[Given information Boundary: Start]
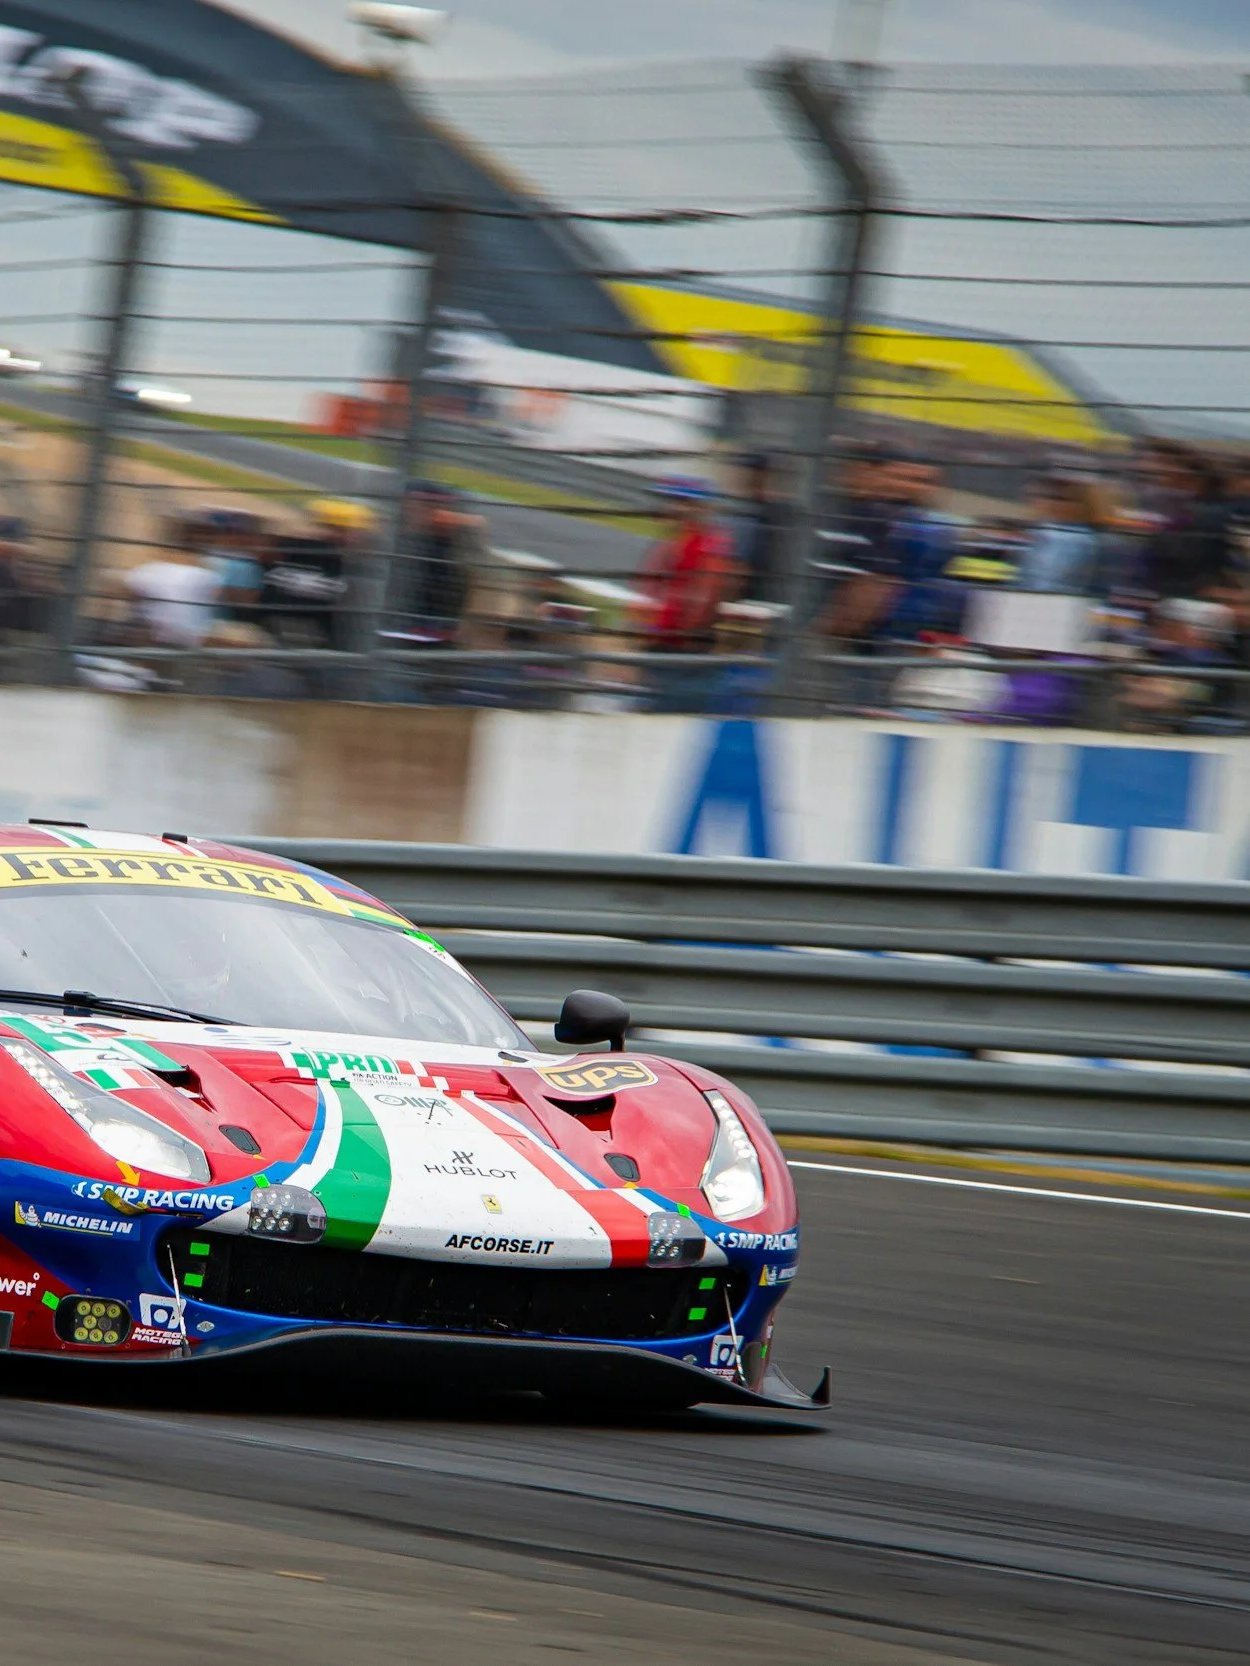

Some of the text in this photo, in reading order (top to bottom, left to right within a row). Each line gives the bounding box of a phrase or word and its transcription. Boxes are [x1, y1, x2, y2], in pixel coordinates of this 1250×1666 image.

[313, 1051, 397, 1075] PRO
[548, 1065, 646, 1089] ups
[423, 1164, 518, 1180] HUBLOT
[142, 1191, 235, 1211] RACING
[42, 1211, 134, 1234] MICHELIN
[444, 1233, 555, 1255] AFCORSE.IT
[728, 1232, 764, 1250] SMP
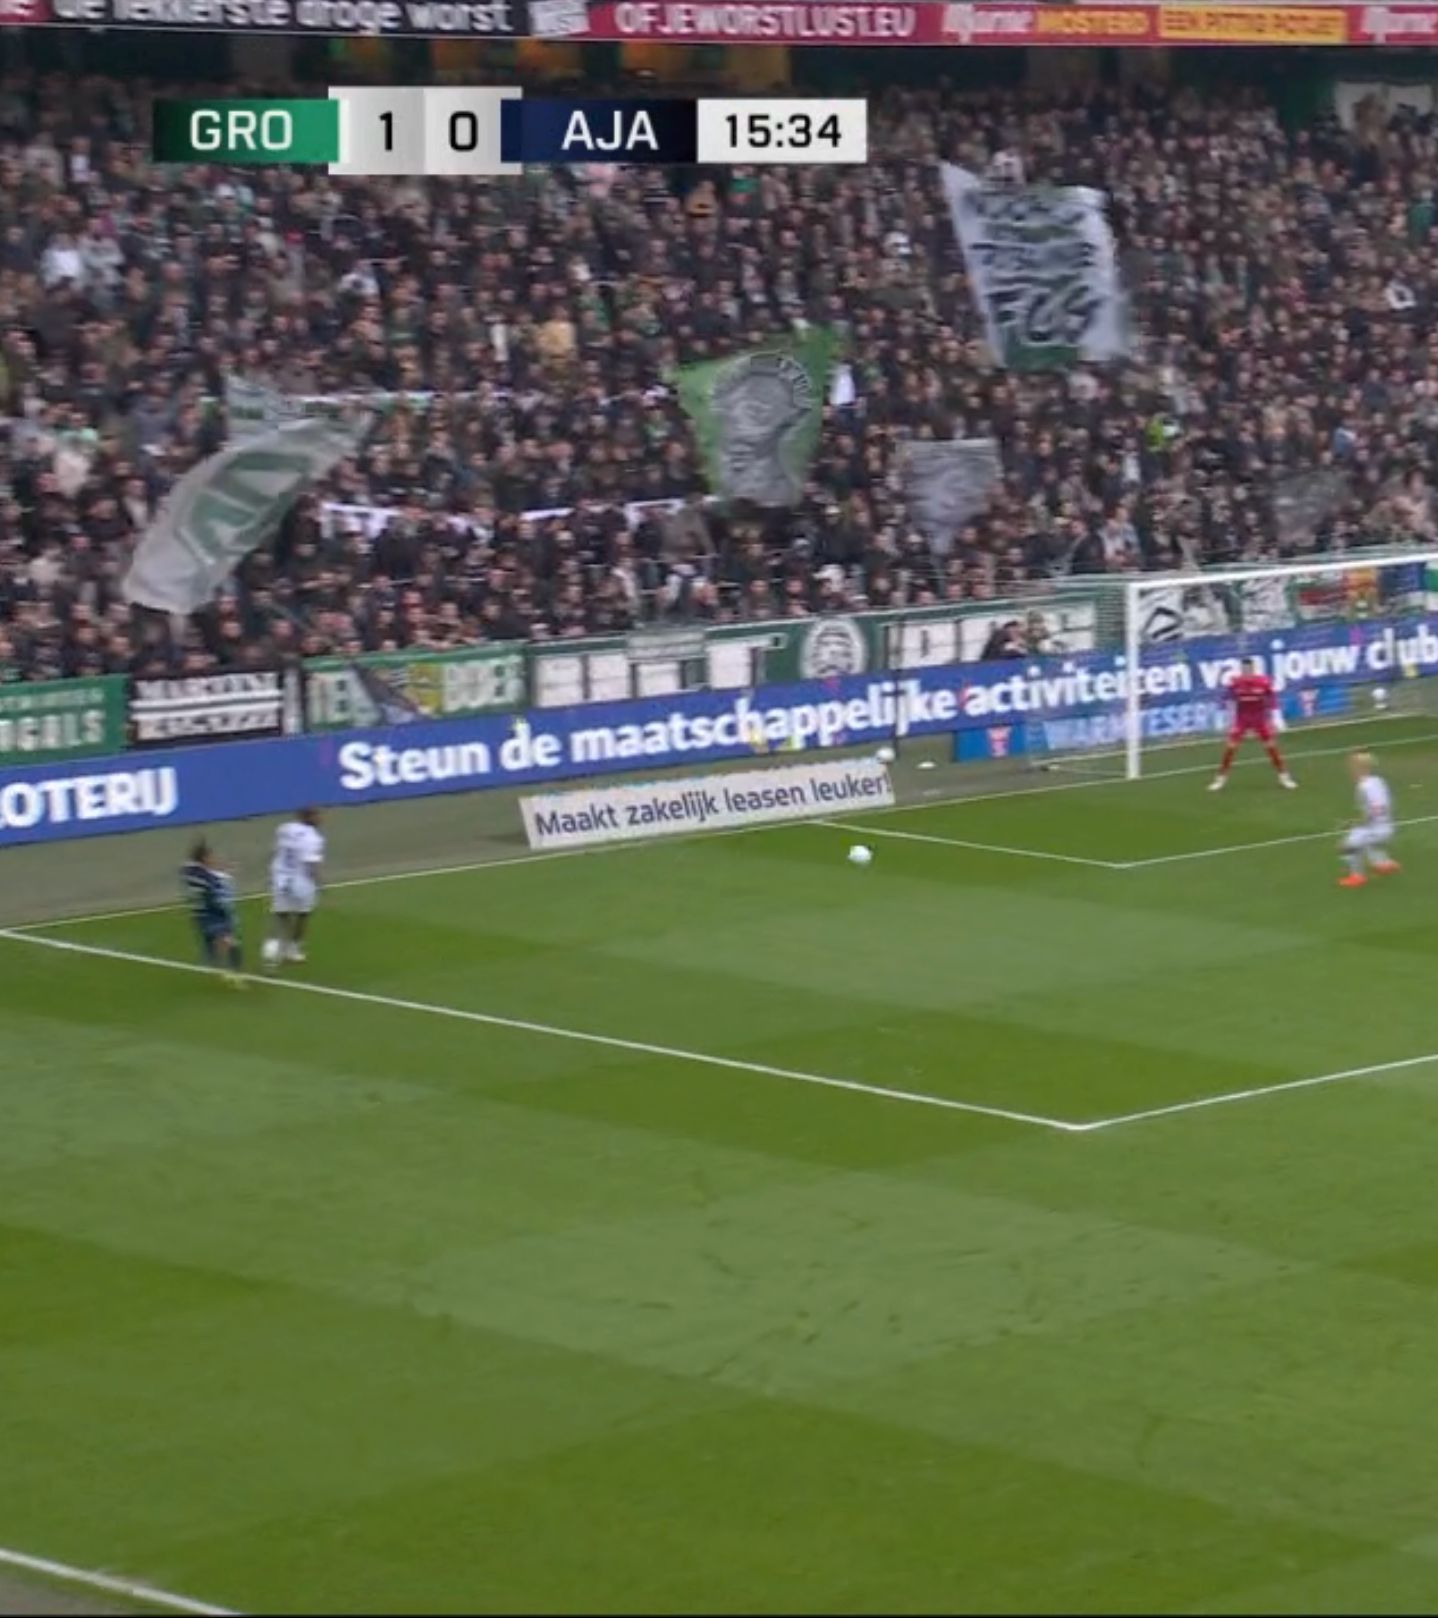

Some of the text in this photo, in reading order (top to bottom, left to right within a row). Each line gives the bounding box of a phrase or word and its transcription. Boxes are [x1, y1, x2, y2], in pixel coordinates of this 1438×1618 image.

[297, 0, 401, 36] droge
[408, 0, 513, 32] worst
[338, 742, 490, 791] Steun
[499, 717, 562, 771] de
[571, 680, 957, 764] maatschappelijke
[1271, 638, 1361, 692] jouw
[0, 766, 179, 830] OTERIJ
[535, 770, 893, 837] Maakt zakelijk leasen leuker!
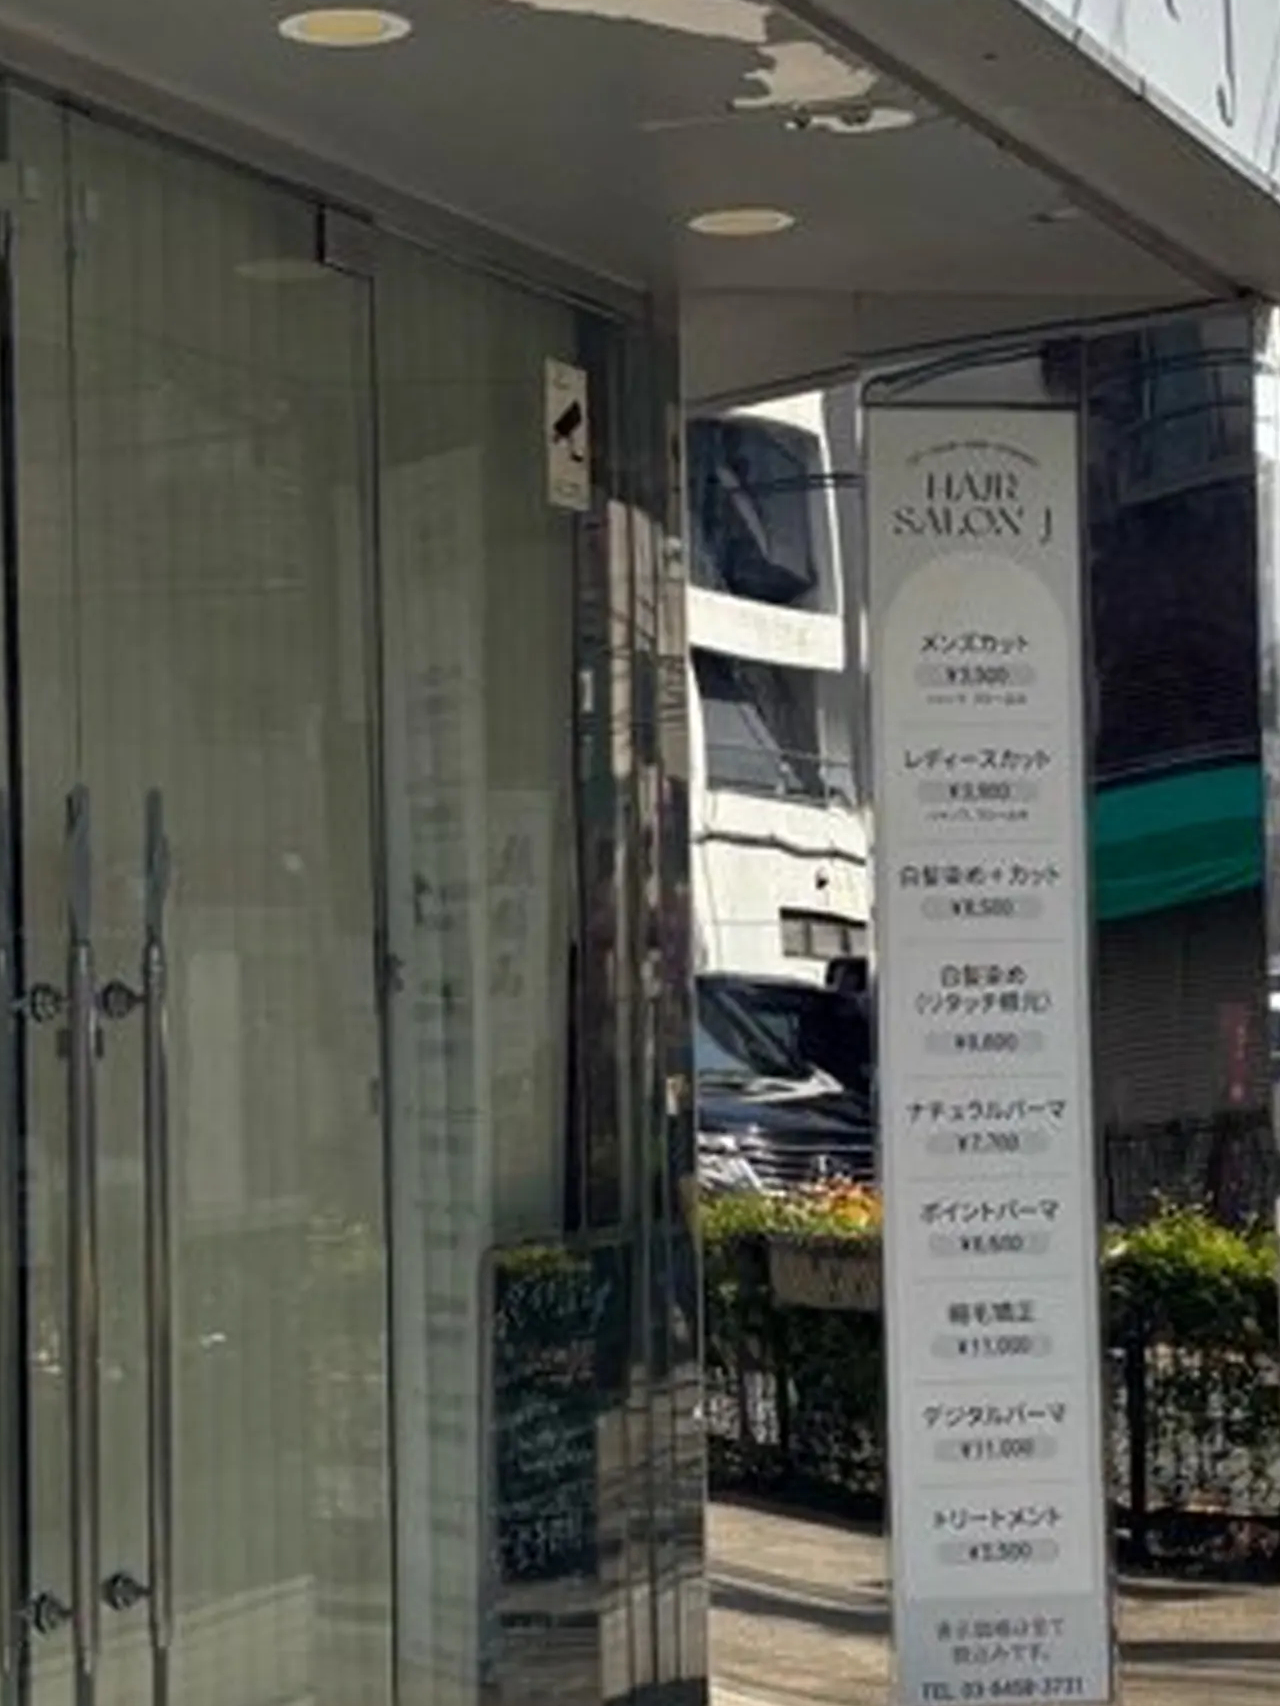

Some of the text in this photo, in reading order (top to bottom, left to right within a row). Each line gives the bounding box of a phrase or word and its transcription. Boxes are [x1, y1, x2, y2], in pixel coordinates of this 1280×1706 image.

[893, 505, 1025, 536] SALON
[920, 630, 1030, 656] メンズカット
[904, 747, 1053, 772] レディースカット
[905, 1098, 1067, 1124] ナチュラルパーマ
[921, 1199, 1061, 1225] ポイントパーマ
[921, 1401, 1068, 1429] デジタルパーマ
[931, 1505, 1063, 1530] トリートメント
[Given information Boundary: End]
__What is required__:
Copy every record exactly as it appears, apart from any pictures.

__Finished task__:
Some of the text in this photo, in reading order (top to bottom, left to right within a row). Each line gives the bounding box of a phrase or word and its transcription. Boxes are [x1, y1, x2, y2], in pixel coordinates of this 1250×1666 image.

[313, 1051, 397, 1075] PRO
[548, 1065, 646, 1089] ups
[423, 1164, 518, 1180] HUBLOT
[142, 1191, 235, 1211] RACING
[42, 1211, 134, 1234] MICHELIN
[444, 1233, 555, 1255] AFCORSE.IT
[728, 1232, 764, 1250] SMP

Some of the text in this photo, in reading order (top to bottom, left to right within a row). Each line gives the bounding box of a phrase or word and its transcription. Boxes are [x1, y1, x2, y2], in pixel coordinates of this 1438×1618 image.

[297, 0, 401, 36] droge
[408, 0, 513, 32] worst
[338, 742, 490, 791] Steun
[499, 717, 562, 771] de
[571, 680, 957, 764] maatschappelijke
[1271, 638, 1361, 692] jouw
[0, 766, 179, 830] OTERIJ
[535, 770, 893, 837] Maakt zakelijk leasen leuker!

Some of the text in this photo, in reading order (top to bottom, left to right within a row). Each line gives the bounding box of a phrase or word and its transcription. Boxes are [x1, y1, x2, y2], in pixel coordinates of this 1280×1706 image.

[893, 505, 1025, 536] SALON
[920, 630, 1030, 656] メンズカット
[904, 747, 1053, 772] レディースカット
[905, 1098, 1067, 1124] ナチュラルパーマ
[921, 1199, 1061, 1225] ポイントパーマ
[921, 1401, 1068, 1429] デジタルパーマ
[931, 1505, 1063, 1530] トリートメント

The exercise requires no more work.